L’ouvrage rassemble les contributions de Mohesh Balnath, Didier Blanc, Nicolas Clinchamps, Olivier Costa, Bruno Daugeron, Ninon Forster, Laetitia Guilloud-Colliat, Franz C. Mayer, Romain Rambaud et Romain Vincent. De notre côté, nous avons écrit le commentaire de l’article consacré à l’article 4 au financement des campagnes électorales européennes.
La dissolution du 9 juin 2024 : dossier publié dans l’AJDA, n°39, Dalloz
Cette semaine, dans son numéro n°39 du 18 novembre 2024, l’AJDA publie deux articles consacrés à la dissolution, qui se complètent l’une l’autre, constituant une sorte de dossier.
L’auteur de ces lignes a rédigé un commentaire, intitulé « Le contentieux conséquentialiste des décrets de la sixième dissolution de la Ve République », qui commente les décisions Cons. const., 20 juin 2024, n° 2024-32/33/34/35/36/37/38/39/40/41-ELEC (JO 21 juin 2024, texte n° 68), Cons. const., 26 juin 2024, n° 2024-42/43/44/45/46/47/48/49/50/51/52/53-ELEC (JO 27 juin 2024, texte n° 151) et Cons. const., 4 juillet 2024, n° 2024-54/55/56-ELEC (JO 5 juillet 2024, texte n° 148), relatives au contentieux du décret de dissolution et du décret de convocation des électeurs.
Saisi de recours dirigés contre le décret de convocation des électeurs puis le décret de dissolution du 9 juin 2024, le Conseil constitutionnel a adopté une position conciliante et conséquentialiste consistant à réaffirmer son incompétence pour le décret de dissolution et à considérer que le décret de convocation des électeurs ne méconnaît ni les dispositions de l’article 12 de la Constitution, ni les principes de liberté et de sincérité du scrutin.

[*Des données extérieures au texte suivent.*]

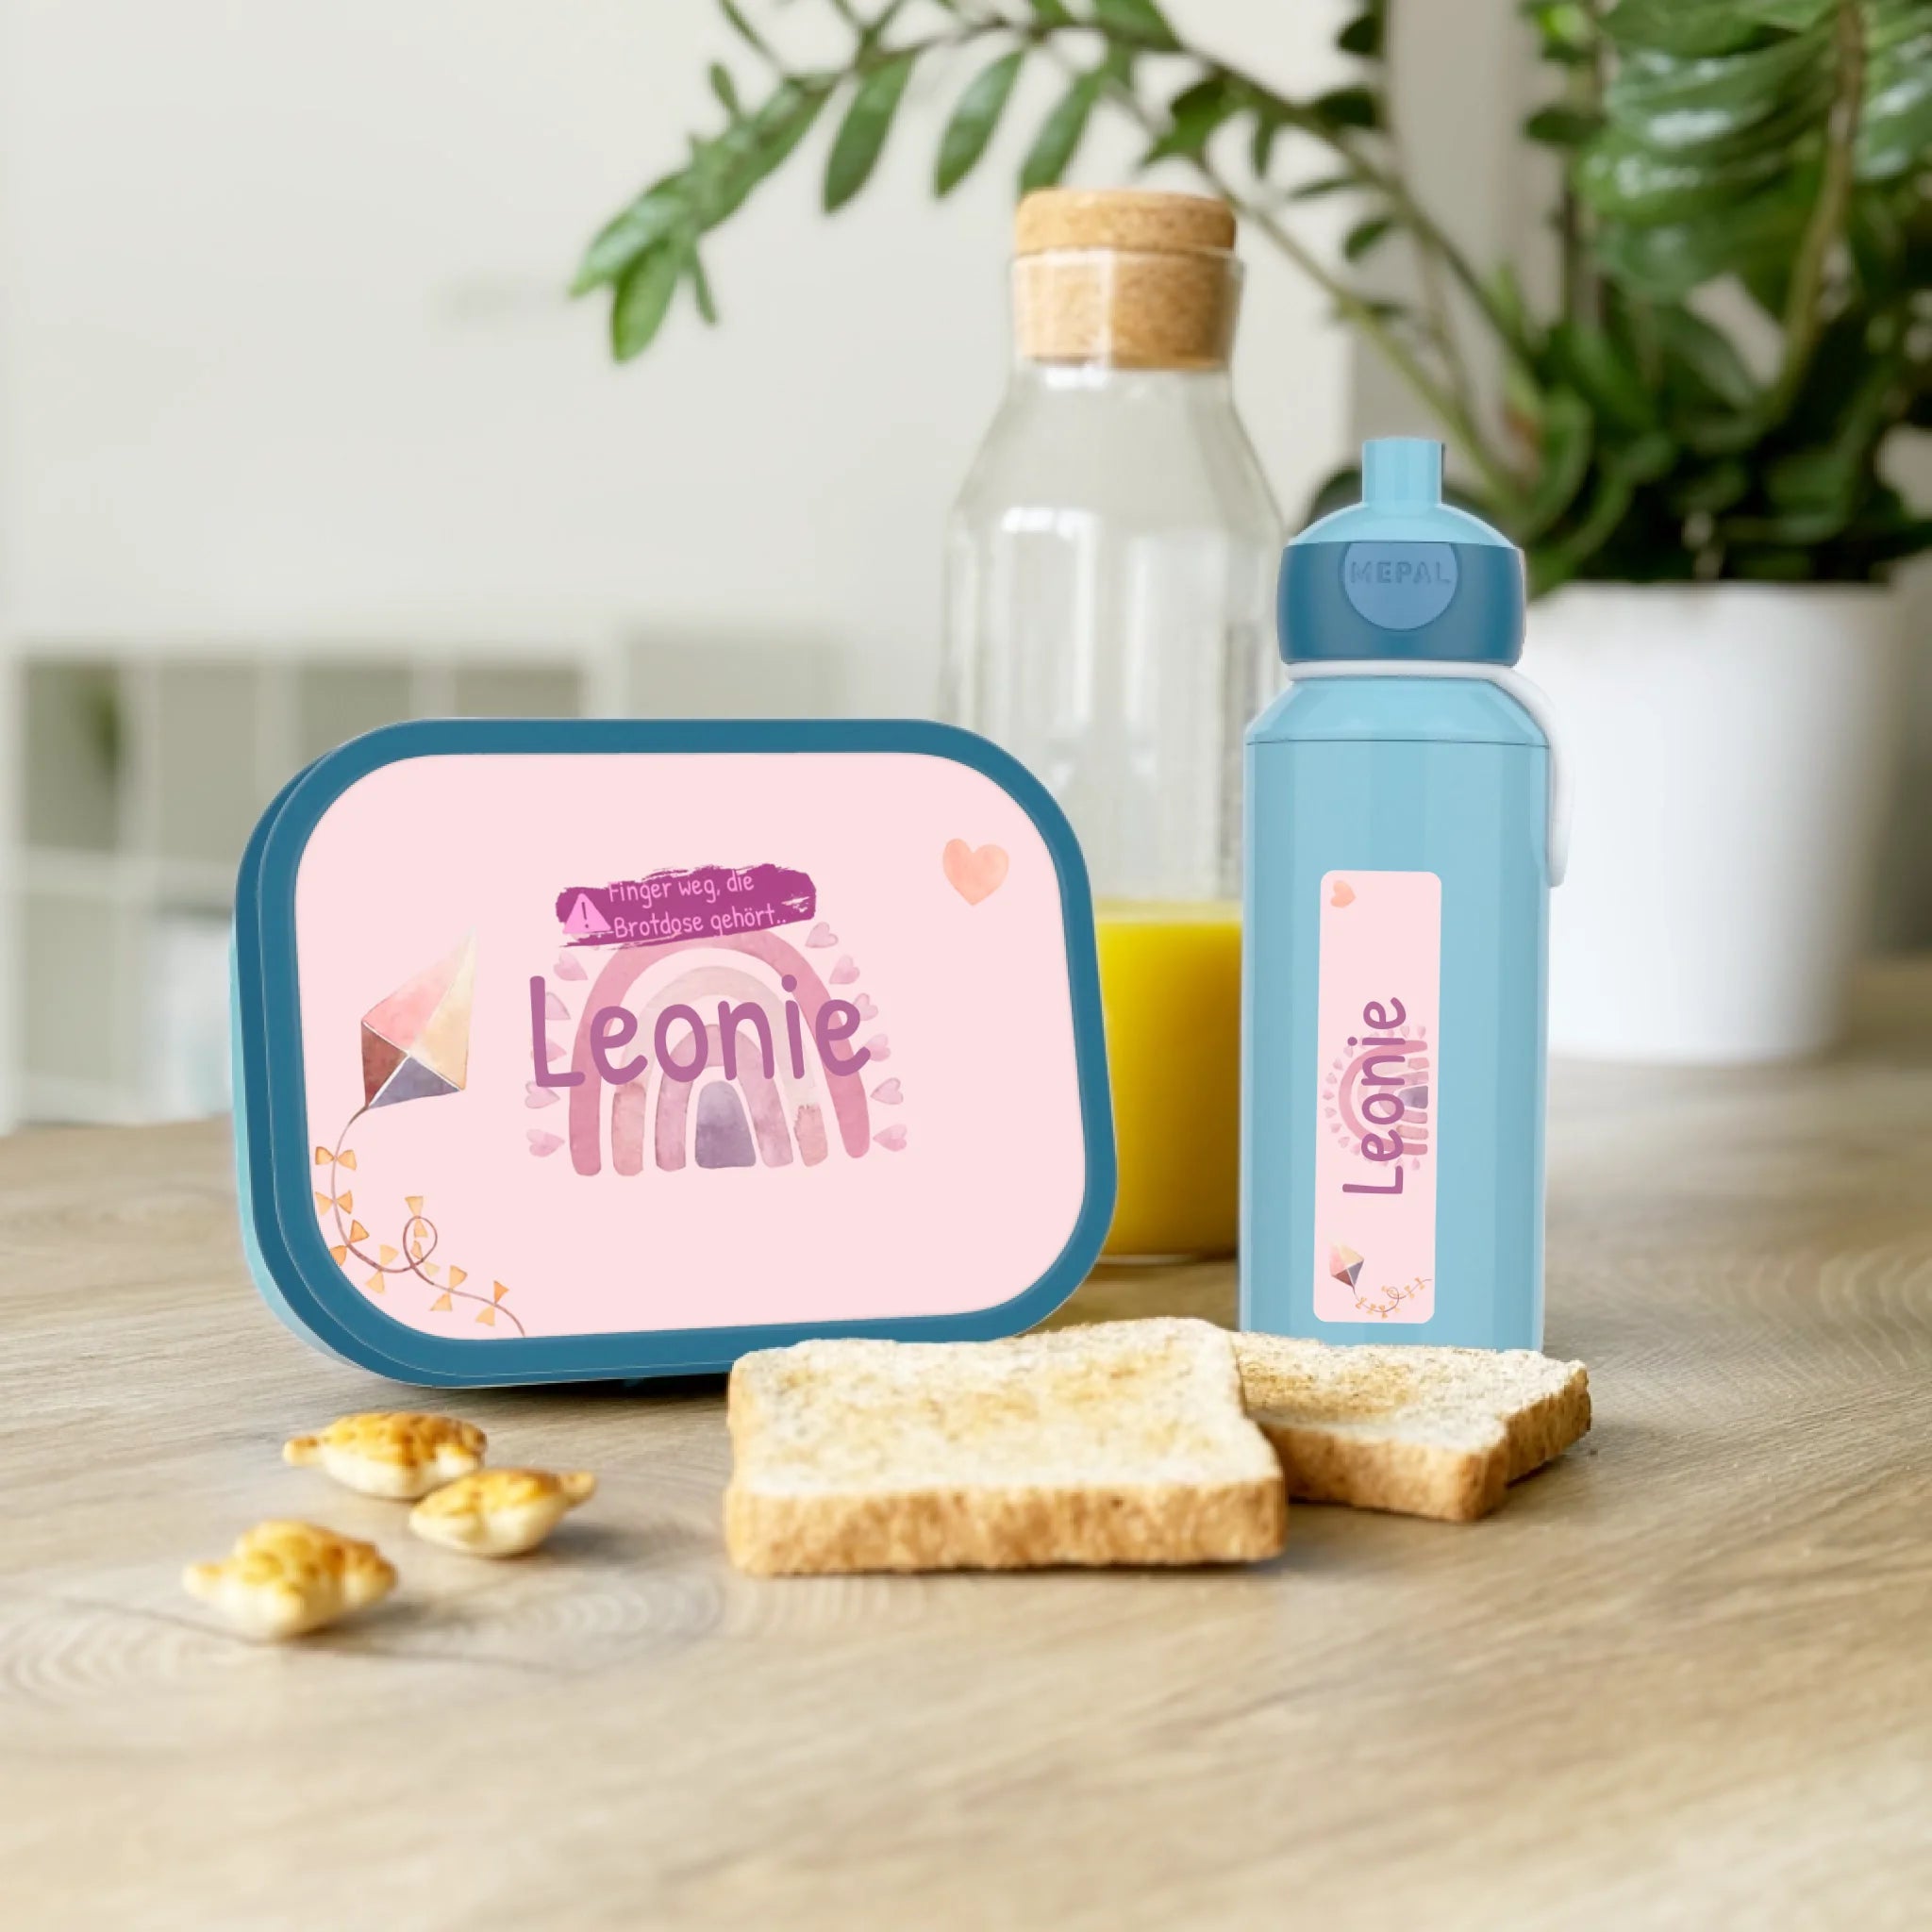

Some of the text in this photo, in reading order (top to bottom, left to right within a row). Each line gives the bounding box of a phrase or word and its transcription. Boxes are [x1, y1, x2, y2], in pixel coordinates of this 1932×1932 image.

Ces décisions posent des principes qui feront jurisprudence, notamment pour ce qui concerne la computation des délais de convocation des électeurs. Ce commentaire revient sur le contentieux asymétrie des décrets de la dissolution : compétence pour connaître du décret de convocation mais, solution nouvelle, impossibilité de former à cette occasion une question prioritaire de constitutionnalité, et incompétence réaffirmée pour connaître du décret de dissolution en tant que tel. Sur le fond, cet article montre que le Conseil constitutionnel a faire face à des difficultés pour justifier la légalité de ce décret au regard du délai obligatoire de 20 jours, obligé de faire démarrer l’effet de l’acte au jour même de sa signature, de façon dérogatoire aux règles d’entrée en vigueur des actes administratifs, et de compter les délais prévus par la Constitution comme des délais non francs, ce qui plus conforme aux principes jurisprudentiels existants. Les jours prévus par la Constitution ne sont donc pas francs pour la convocation des électeurs suite à une élection législative anticipée, solution qui pourrait prévaloir également pour les autres élections.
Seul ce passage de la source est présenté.